MICHAEL STEVEN SMITH is an attorney litigating injury cases against insurance companies in New York City. He has authored Notebook of a Sixties Lawyer; Lawyers You'll Like, and has edited The Emerging Police State by William Kunstler and, with Michael Ratner, has co-edited Che Guevara and the FBI: The Secret Police Dossier on the Latin American Revolutionary. He contributes articles to Socialism and Democracy, Capitalism, Nature, and Socialism, and Against the Current. He is on the boards of The Center for Constitutional Rights, The New York Marxist School, The International Endowment for Democracy, and is the co-host of the radio show Law and Disorder on WBAI.
HOBART SPALDING is retired as Professor of History from the City University of New York (CUNY). He focuses on Latin America and the Caribbean, specializing in working class and labor history, and has published widely in both fields. He sits on the editorial board of several publications, most notably Socialism and Democracy.
WILLIAM TABB taught economics at Queens College and economics, political science and sociology at the CUNY Graduate Center.
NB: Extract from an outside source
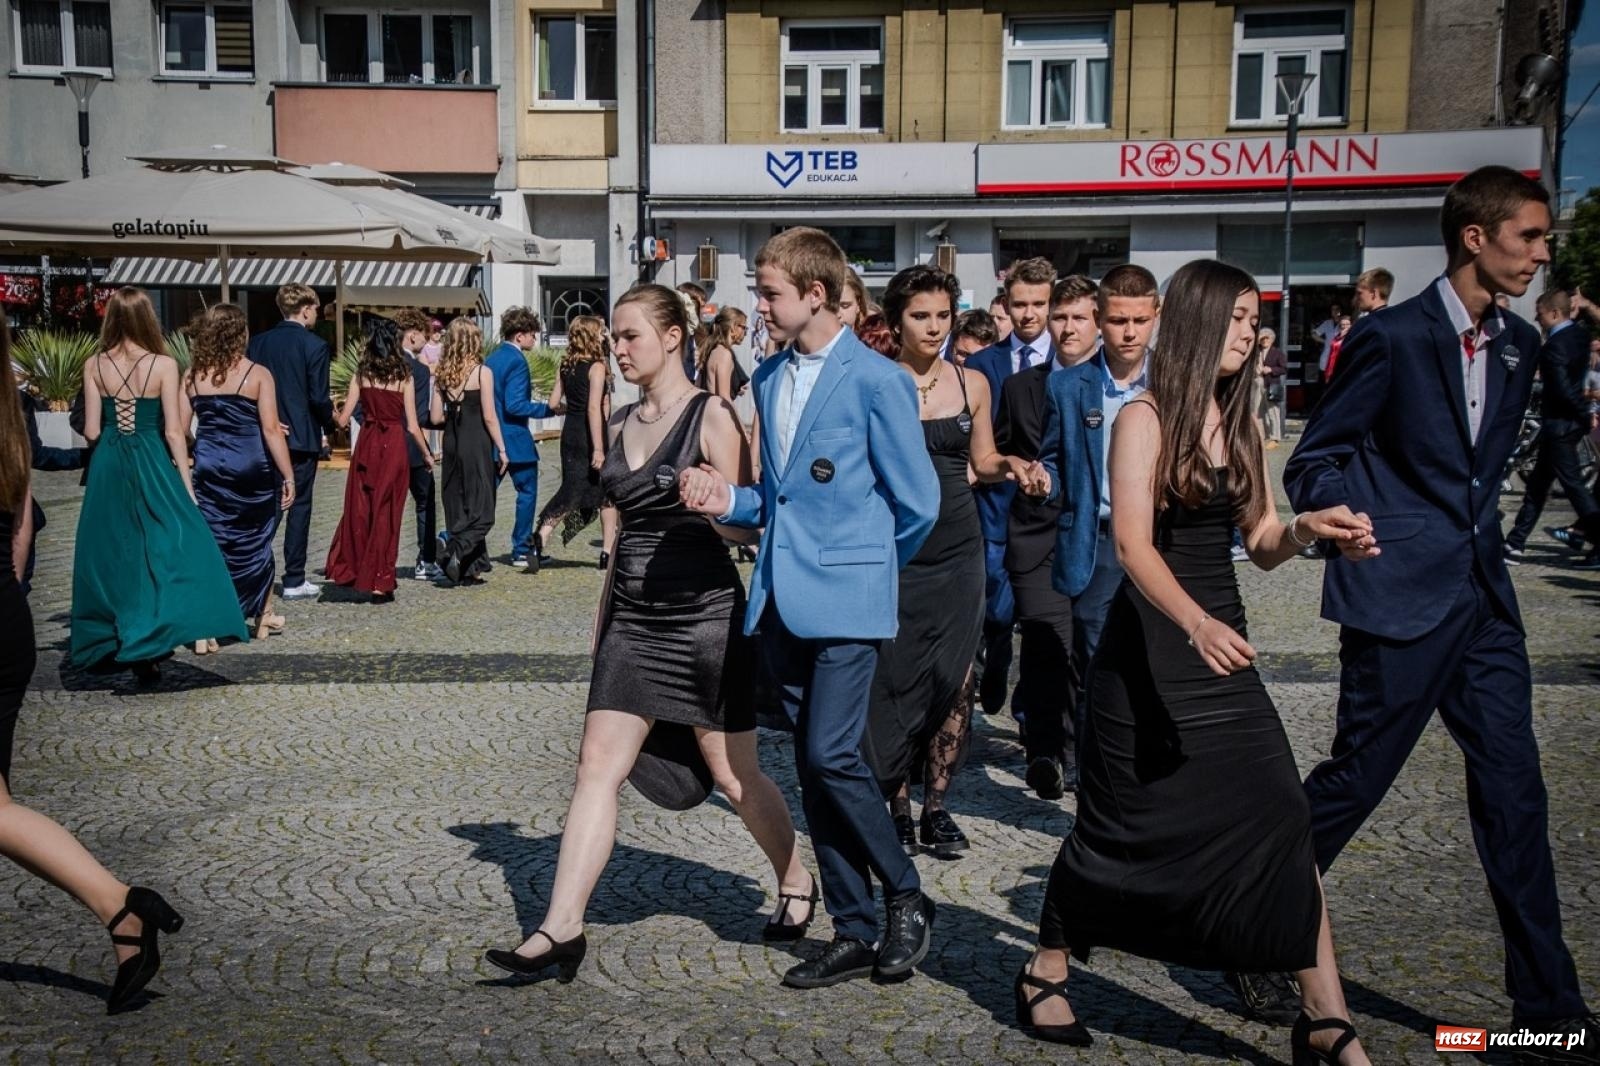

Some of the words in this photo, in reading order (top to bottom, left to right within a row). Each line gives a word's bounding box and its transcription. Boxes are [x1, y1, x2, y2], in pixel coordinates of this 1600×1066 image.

His books include Economic Governance in the Age of Globalization (Columbia University Press, 2004) and The Amoral Elephant: Globalization and the Struggle for Social Justice in the Twenty-First Century (Monthly Review Press, 2001).
RICHARD D. WOLFF is currently Professor of Economics at the University of Massachusetts, Amherst. Wolff has taught economics at Yale and the City University of New York as well as at the University of Massachusetts. He has also been a visiting professor at the University of Paris I (Sorbonne) and offers courses at the Brecht Forum in New York City. His publications, current research, and teaching concentrate on developing and applying Marxian economic theory. His most recent books, co-authored with Stephen Resnick, are New Departures in Marxian Theory (Routledge Publishers: London and New York, 2006) and Class Theory and History: Capitalism and Communism in the USSR (Routledge Publishers: London and New York, 2002). He also serves on the editorial board of Rethinking Marxism.
JULIA WRIGLEY is Professor of Sociology at the CUNY Graduate Center, where she is also the acting Associate Provost. She is the author of Class Politics and Public Schools and Other People's Children, as well as articles on domestic workers, class inequalities, and the political economy of education. She recently published (with Joanna Dreby) a study of fatalities and safety in childcare in American Sociological Review. She is currently working on a study of relationships between children, mothers, and children's caregivers and issues related to class dynamics in caregiving relationships.
staff
ASHANTI
OMOWALI ALSTON is an anarchist activist, speaker, organizer,
and writer. A former member of the Black Panther Party and the Black Liberation
Army, he spent more than a decade incarcerated as a political prisoner.
He was formerly a coordinator for Critical Resistance and on the Board of
the Institute for Anarchist Studies. Currently he is co-chair of the National
Jericho Movement and works with Estación Libre and the Malcolm X Grassroots
Movement-New York City.
JAMIE MCCALLUM, Left Forum Coordinator, (see above)
JULIE RUBEN, Left Forum Director (see above)
SPENCER SUNSHINE, Left Forum Registration Director and Office Manager, is currently working on his PhD at the CUNY Graduate Center. His research focuses on the intellectual history of the anti-authoritarian left, with an emphasis on early-to-mid 20th century European thought. His dissertation is on the notion of the "critique of everyday life", focusing on its origins in phenomenology, creation in western marxism, and subsequent migration to anarchism. He is associate editor of the anthology I Am Not A Man, I Am Dynamite! Friedrich Nietzsche and the Anarchist Tradition (Autonomedia, 2004).
JAMES TRIMARCO, Left Forum Art Director, is passionate about providing clean and contemporary graphics to organizations and projects on the Left. In addition to his work with Left Forum, he has worked as a designer for community organizations such as Transportation Alternatives and ABC No Rio.